→ The task
This task calls for every entry below to be repeated exactly.

Collected data
== Segment start ==

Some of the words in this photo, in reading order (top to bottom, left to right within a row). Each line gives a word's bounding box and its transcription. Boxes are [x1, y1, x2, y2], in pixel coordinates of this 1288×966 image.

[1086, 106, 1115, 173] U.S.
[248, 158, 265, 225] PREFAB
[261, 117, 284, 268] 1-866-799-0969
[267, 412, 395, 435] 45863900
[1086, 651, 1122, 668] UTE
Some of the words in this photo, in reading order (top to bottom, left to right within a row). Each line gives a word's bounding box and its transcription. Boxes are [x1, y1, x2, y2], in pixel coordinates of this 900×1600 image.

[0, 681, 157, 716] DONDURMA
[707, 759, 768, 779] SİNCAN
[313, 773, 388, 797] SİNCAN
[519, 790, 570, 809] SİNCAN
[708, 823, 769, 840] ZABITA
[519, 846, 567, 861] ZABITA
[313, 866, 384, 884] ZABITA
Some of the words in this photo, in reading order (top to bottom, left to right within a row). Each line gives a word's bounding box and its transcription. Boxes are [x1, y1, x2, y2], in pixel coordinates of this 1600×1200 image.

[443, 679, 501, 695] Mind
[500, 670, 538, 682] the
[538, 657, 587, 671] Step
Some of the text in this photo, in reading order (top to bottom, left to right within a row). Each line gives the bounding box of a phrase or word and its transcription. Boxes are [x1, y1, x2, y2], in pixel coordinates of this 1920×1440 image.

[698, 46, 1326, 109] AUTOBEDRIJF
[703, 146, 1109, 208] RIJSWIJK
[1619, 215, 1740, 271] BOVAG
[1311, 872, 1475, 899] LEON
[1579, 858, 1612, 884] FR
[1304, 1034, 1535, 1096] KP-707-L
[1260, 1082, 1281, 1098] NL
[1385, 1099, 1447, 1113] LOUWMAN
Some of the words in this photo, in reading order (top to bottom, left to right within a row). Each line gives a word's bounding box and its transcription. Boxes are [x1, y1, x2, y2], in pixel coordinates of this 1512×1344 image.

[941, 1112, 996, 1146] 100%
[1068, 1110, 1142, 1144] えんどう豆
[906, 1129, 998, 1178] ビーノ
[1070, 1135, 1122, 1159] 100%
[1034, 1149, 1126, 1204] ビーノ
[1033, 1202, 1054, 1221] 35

== Segment end ==

→ Written solution
Some of the words in this photo, in reading order (top to bottom, left to right within a row). Each line gives a word's bounding box and its transcription. Boxes are [x1, y1, x2, y2], in pixel coordinates of this 1288×966 image.

[1086, 106, 1115, 173] U.S.
[248, 158, 265, 225] PREFAB
[261, 117, 284, 268] 1-866-799-0969
[267, 412, 395, 435] 45863900
[1086, 651, 1122, 668] UTE
Some of the words in this photo, in reading order (top to bottom, left to right within a row). Each line gives a word's bounding box and its transcription. Boxes are [x1, y1, x2, y2], in pixel coordinates of this 900×1600 image.

[0, 681, 157, 716] DONDURMA
[707, 759, 768, 779] SİNCAN
[313, 773, 388, 797] SİNCAN
[519, 790, 570, 809] SİNCAN
[708, 823, 769, 840] ZABITA
[519, 846, 567, 861] ZABITA
[313, 866, 384, 884] ZABITA
Some of the words in this photo, in reading order (top to bottom, left to right within a row). Each line gives a word's bounding box and its transcription. Boxes are [x1, y1, x2, y2], in pixel coordinates of this 1600×1200 image.

[443, 679, 501, 695] Mind
[500, 670, 538, 682] the
[538, 657, 587, 671] Step
Some of the text in this photo, in reading order (top to bottom, left to right within a row). Each line gives the bounding box of a phrase or word and its transcription. Boxes are [x1, y1, x2, y2], in pixel coordinates of this 1920×1440 image.

[698, 46, 1326, 109] AUTOBEDRIJF
[703, 146, 1109, 208] RIJSWIJK
[1619, 215, 1740, 271] BOVAG
[1311, 872, 1475, 899] LEON
[1579, 858, 1612, 884] FR
[1304, 1034, 1535, 1096] KP-707-L
[1260, 1082, 1281, 1098] NL
[1385, 1099, 1447, 1113] LOUWMAN
Some of the words in this photo, in reading order (top to bottom, left to right within a row). Each line gives a word's bounding box and its transcription. Boxes are [x1, y1, x2, y2], in pixel coordinates of this 1512×1344 image.

[941, 1112, 996, 1146] 100%
[1068, 1110, 1142, 1144] えんどう豆
[906, 1129, 998, 1178] ビーノ
[1070, 1135, 1122, 1159] 100%
[1034, 1149, 1126, 1204] ビーノ
[1033, 1202, 1054, 1221] 35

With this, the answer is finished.